*Exercise prompt*
Without including any images, repeat the data exactly.

*Records shown*
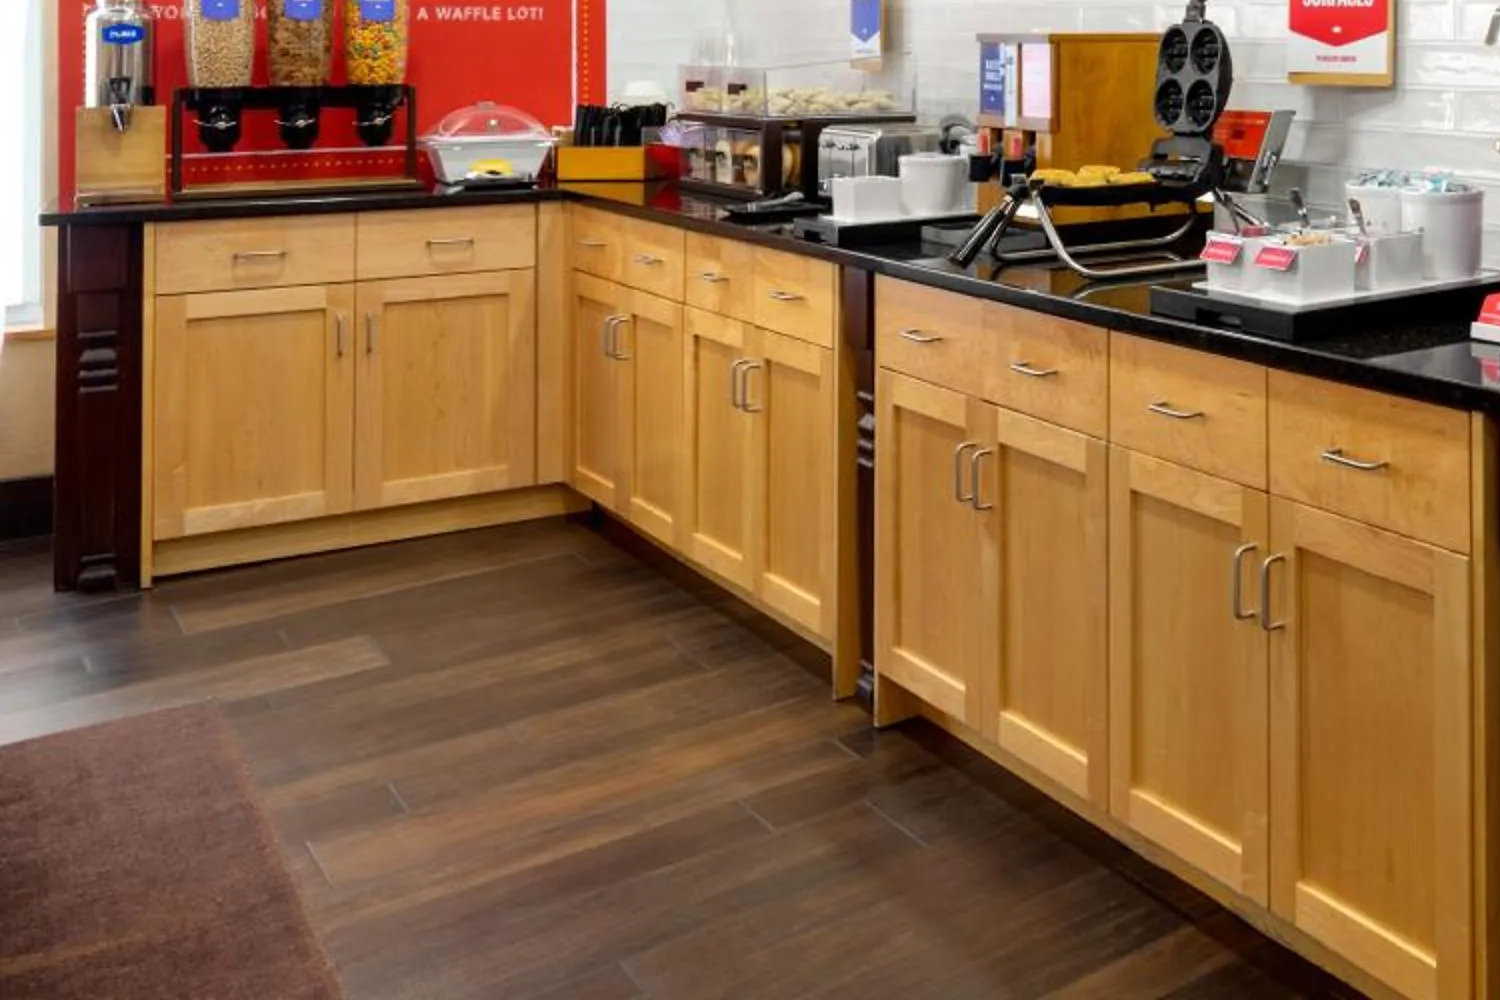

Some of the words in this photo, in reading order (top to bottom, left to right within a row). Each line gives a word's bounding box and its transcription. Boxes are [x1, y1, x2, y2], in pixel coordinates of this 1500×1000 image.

[417, 7, 428, 21] A
[436, 6, 501, 21] WAFFLE
[507, 6, 544, 21] LOT!
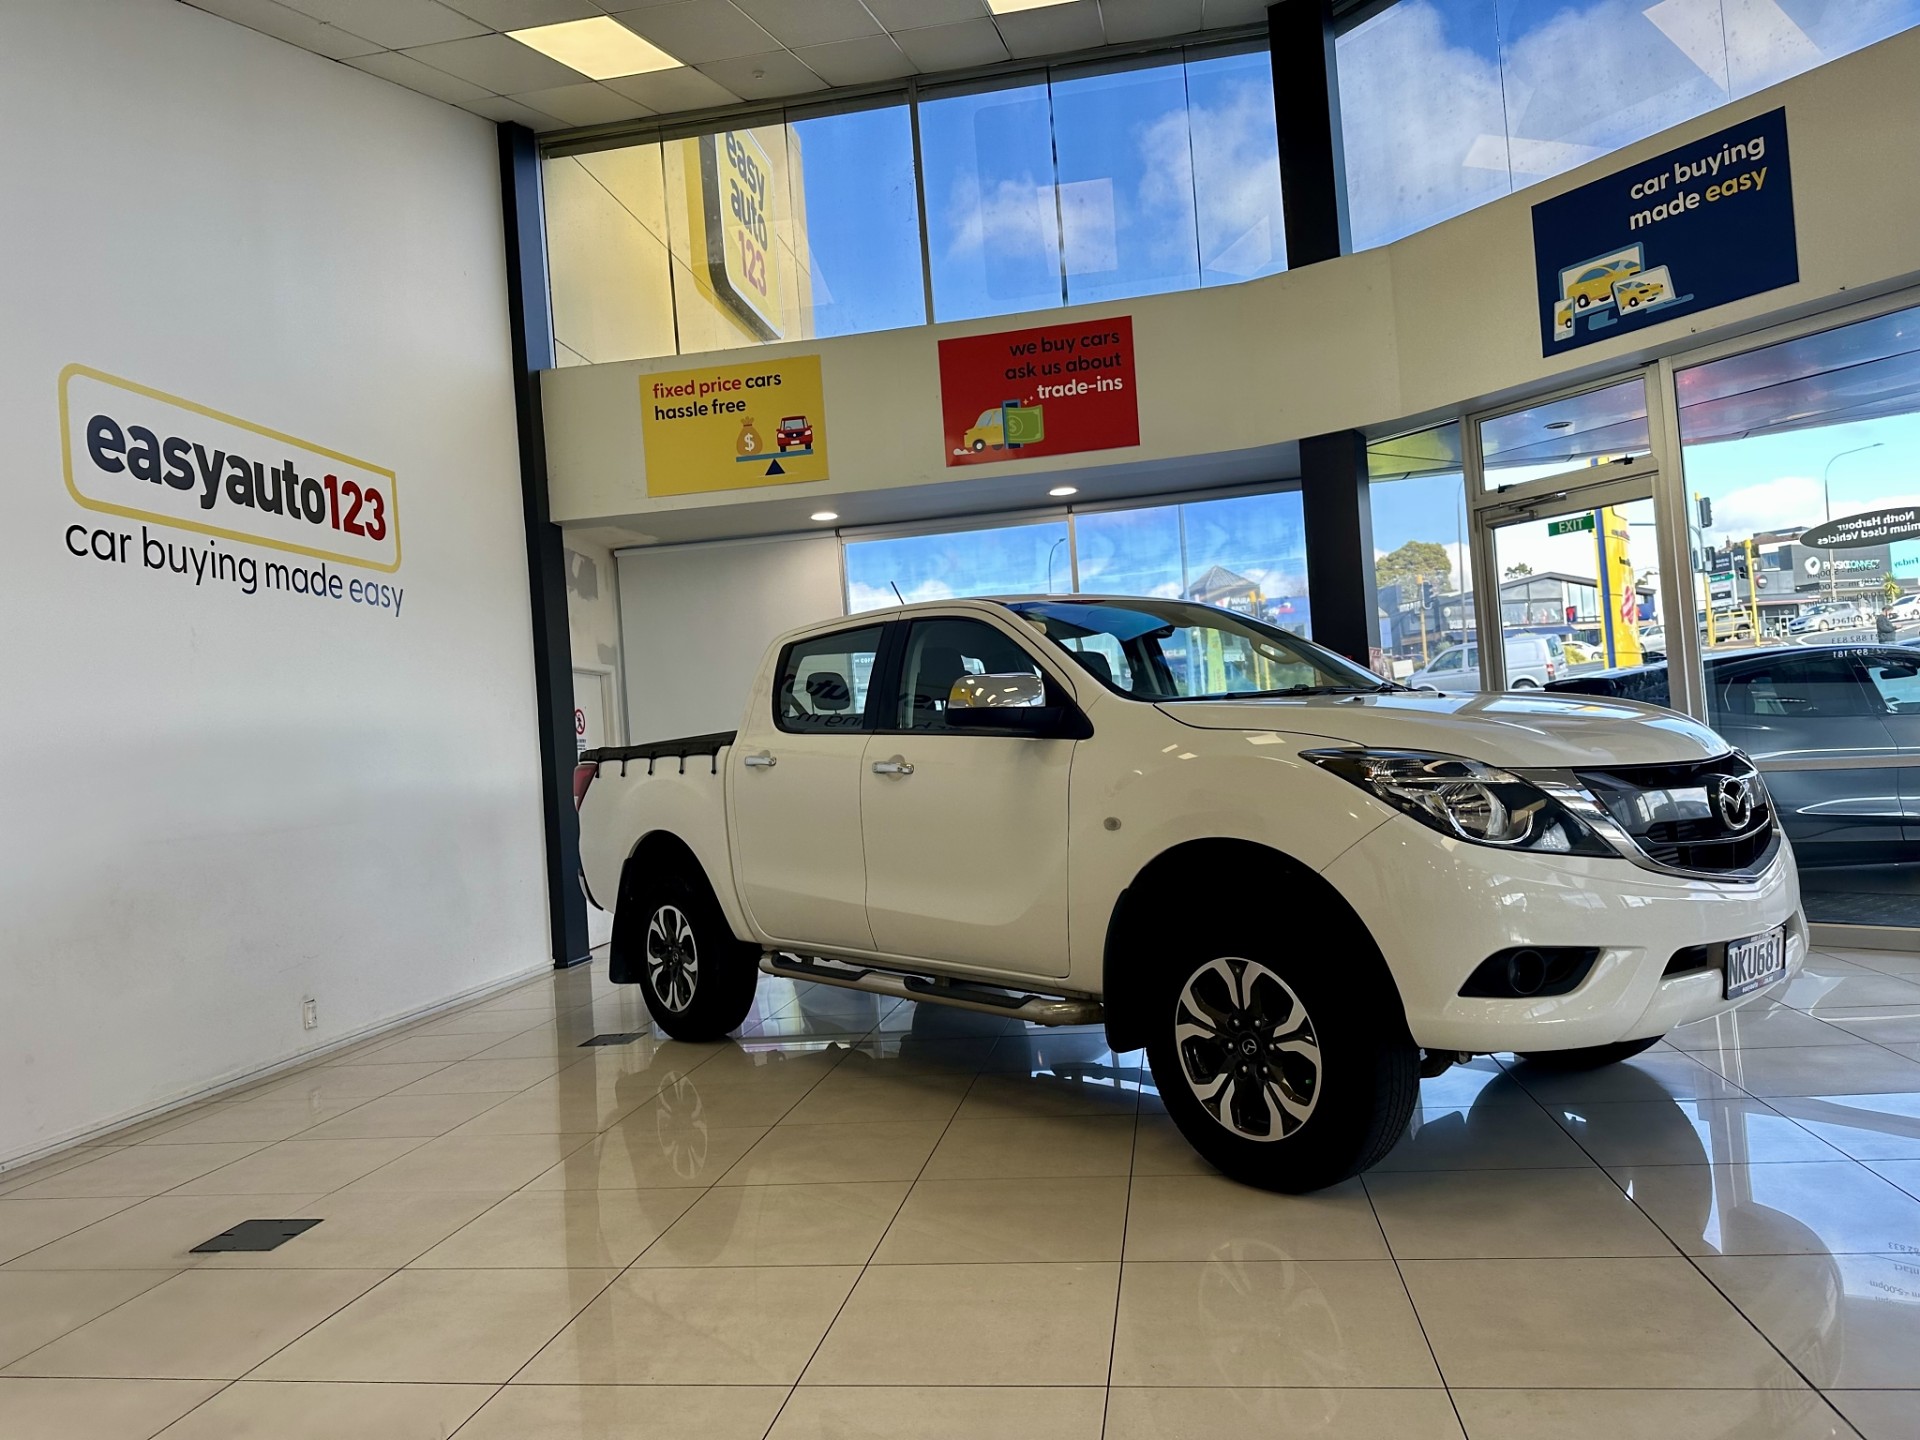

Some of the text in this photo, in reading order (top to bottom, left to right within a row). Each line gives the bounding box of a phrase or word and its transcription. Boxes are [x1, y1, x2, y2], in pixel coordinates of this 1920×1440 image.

*Exercise response*
Some of the words in this photo, in reading order (top to bottom, left to right within a row). Each line gives a word's bounding box and its transcription. Boxes are [x1, y1, x2, y2], in pixel coordinates of this 1500×1000 image.

[417, 7, 428, 21] A
[436, 6, 501, 21] WAFFLE
[507, 6, 544, 21] LOT!

Some of the text in this photo, in reading order (top to bottom, left to right within a row). Each line gives the bounding box of a phrase or word and its transcription. Boxes are [x1, y1, x2, y2], in pixel coordinates of this 1920×1440 image.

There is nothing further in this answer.